**SOURCE DATA**.
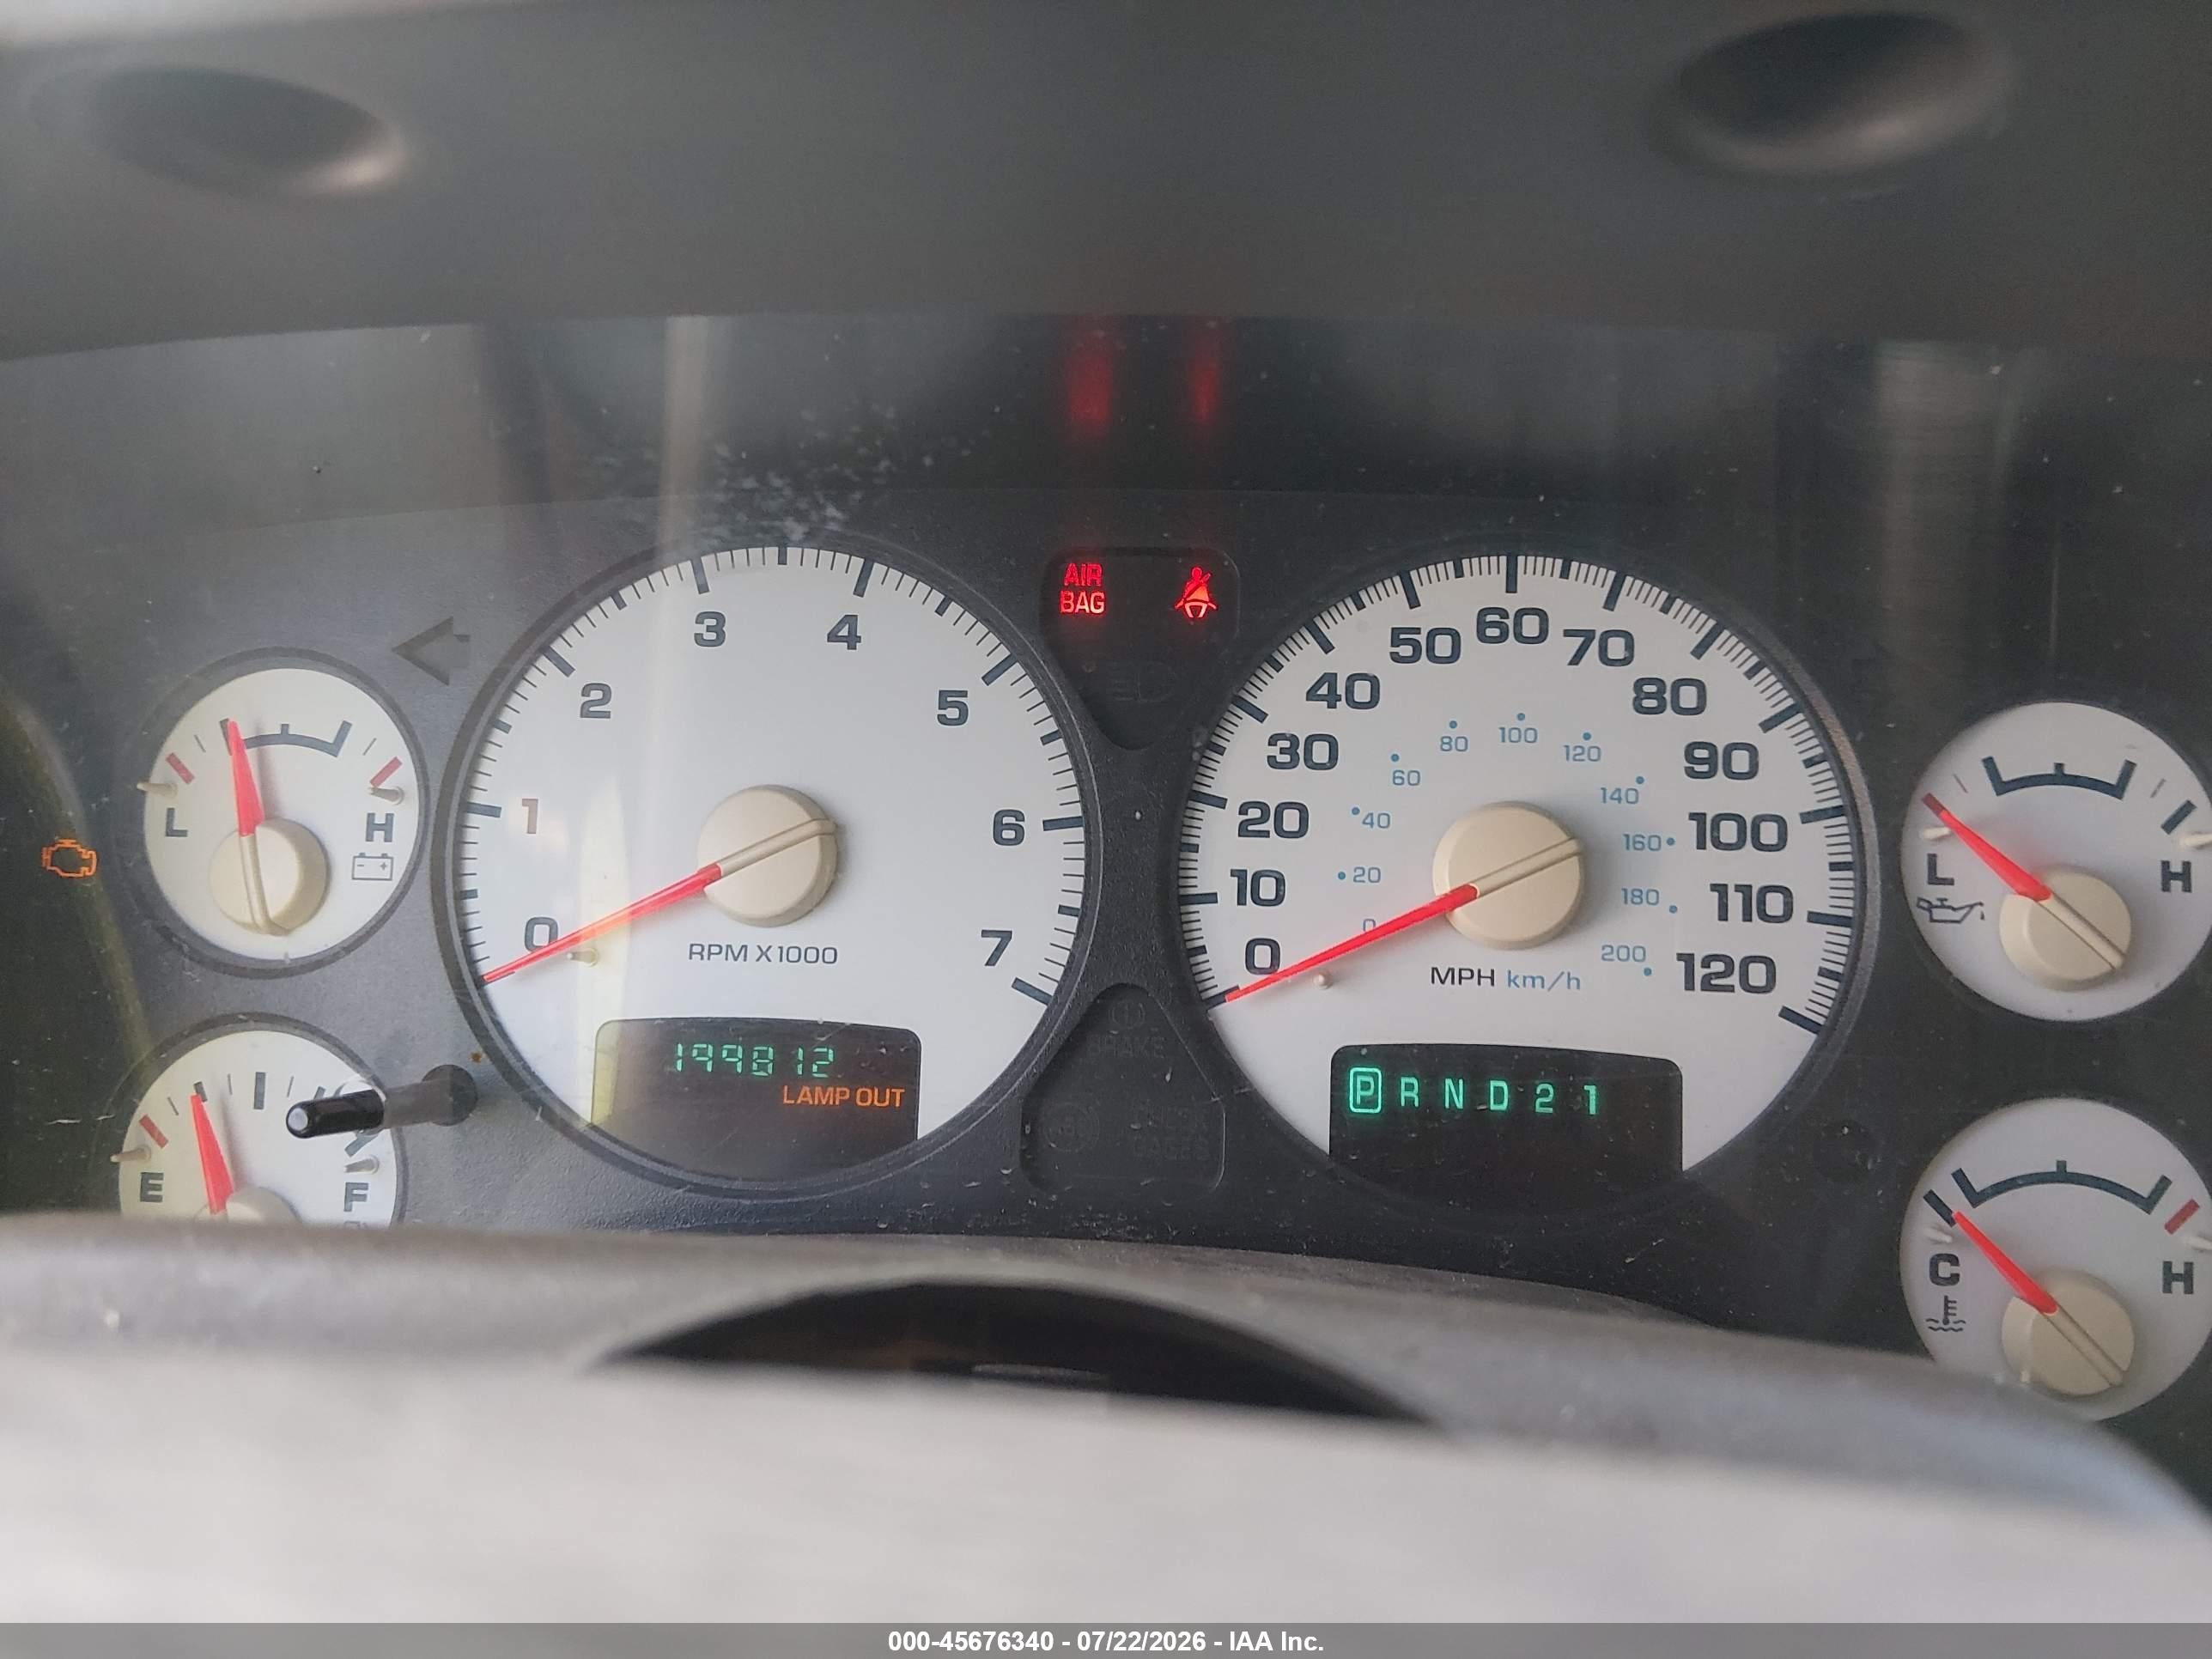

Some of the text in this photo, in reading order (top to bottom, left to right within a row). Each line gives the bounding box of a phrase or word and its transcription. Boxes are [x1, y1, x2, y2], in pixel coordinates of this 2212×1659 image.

[1064, 562, 1103, 586] AIR
[1059, 590, 1106, 614] BAG
[694, 611, 726, 647] 3
[827, 615, 861, 650] 4
[1476, 607, 1549, 644] 60
[1389, 627, 1461, 664] 50
[1564, 629, 1634, 666] 70
[580, 683, 611, 719] 2
[1306, 672, 1380, 709] 40
[1632, 678, 1706, 715] 80
[937, 690, 969, 726] 5
[1267, 733, 1339, 770] 30
[1439, 736, 1469, 752] 80
[1498, 727, 1538, 744] 100
[1563, 745, 1601, 763] 120
[1685, 741, 1759, 780] 90
[1392, 770, 1421, 787] 60
[1600, 787, 1639, 805] 140
[165, 807, 187, 837] L
[366, 812, 394, 843] H
[522, 799, 539, 834] 1
[993, 810, 1024, 846] 6
[1238, 801, 1309, 838] 20
[1361, 812, 1391, 830] 40
[1689, 812, 1788, 852] 100
[1623, 833, 1662, 852] 160
[1352, 866, 1382, 884] 20
[1927, 854, 1955, 886] L
[2160, 860, 2192, 893] H
[1231, 869, 1285, 907] 10
[1620, 887, 1660, 905] 180
[1710, 884, 1793, 923] 110
[525, 917, 558, 952] 0
[981, 930, 1012, 966] 7
[689, 943, 748, 963] RPM
[1245, 938, 1280, 975] 0
[1601, 945, 1647, 963] 200
[1431, 967, 1581, 992] MPH km/h
[1677, 953, 1776, 994] 120
[675, 1042, 835, 1079] 199812
[782, 1085, 906, 1109] LAMP OUT
[1356, 1075, 1597, 1115] P R N D 2 1
[139, 1171, 164, 1203] E
[343, 1182, 369, 1212] F
[1929, 1254, 1960, 1287] C
[2162, 1261, 2195, 1295] H

**WHAT YOU ARE ASKED TO DO**. Your output should be the full set of entries above, restated word for word and free of pictures.

**RESULT FOR THIS TASK**.
Some of the text in this photo, in reading order (top to bottom, left to right within a row). Each line gives the bounding box of a phrase or word and its transcription. Boxes are [x1, y1, x2, y2], in pixel coordinates of this 2212×1659 image.

[1064, 562, 1103, 586] AIR
[1059, 590, 1106, 614] BAG
[694, 611, 726, 647] 3
[827, 615, 861, 650] 4
[1476, 607, 1549, 644] 60
[1389, 627, 1461, 664] 50
[1564, 629, 1634, 666] 70
[580, 683, 611, 719] 2
[1306, 672, 1380, 709] 40
[1632, 678, 1706, 715] 80
[937, 690, 969, 726] 5
[1267, 733, 1339, 770] 30
[1439, 736, 1469, 752] 80
[1498, 727, 1538, 744] 100
[1563, 745, 1601, 763] 120
[1685, 741, 1759, 780] 90
[1392, 770, 1421, 787] 60
[1600, 787, 1639, 805] 140
[165, 807, 187, 837] L
[366, 812, 394, 843] H
[522, 799, 539, 834] 1
[993, 810, 1024, 846] 6
[1238, 801, 1309, 838] 20
[1361, 812, 1391, 830] 40
[1689, 812, 1788, 852] 100
[1623, 833, 1662, 852] 160
[1352, 866, 1382, 884] 20
[1927, 854, 1955, 886] L
[2160, 860, 2192, 893] H
[1231, 869, 1285, 907] 10
[1620, 887, 1660, 905] 180
[1710, 884, 1793, 923] 110
[525, 917, 558, 952] 0
[981, 930, 1012, 966] 7
[689, 943, 748, 963] RPM
[1245, 938, 1280, 975] 0
[1601, 945, 1647, 963] 200
[1431, 967, 1581, 992] MPH km/h
[1677, 953, 1776, 994] 120
[675, 1042, 835, 1079] 199812
[782, 1085, 906, 1109] LAMP OUT
[1356, 1075, 1597, 1115] P R N D 2 1
[139, 1171, 164, 1203] E
[343, 1182, 369, 1212] F
[1929, 1254, 1960, 1287] C
[2162, 1261, 2195, 1295] H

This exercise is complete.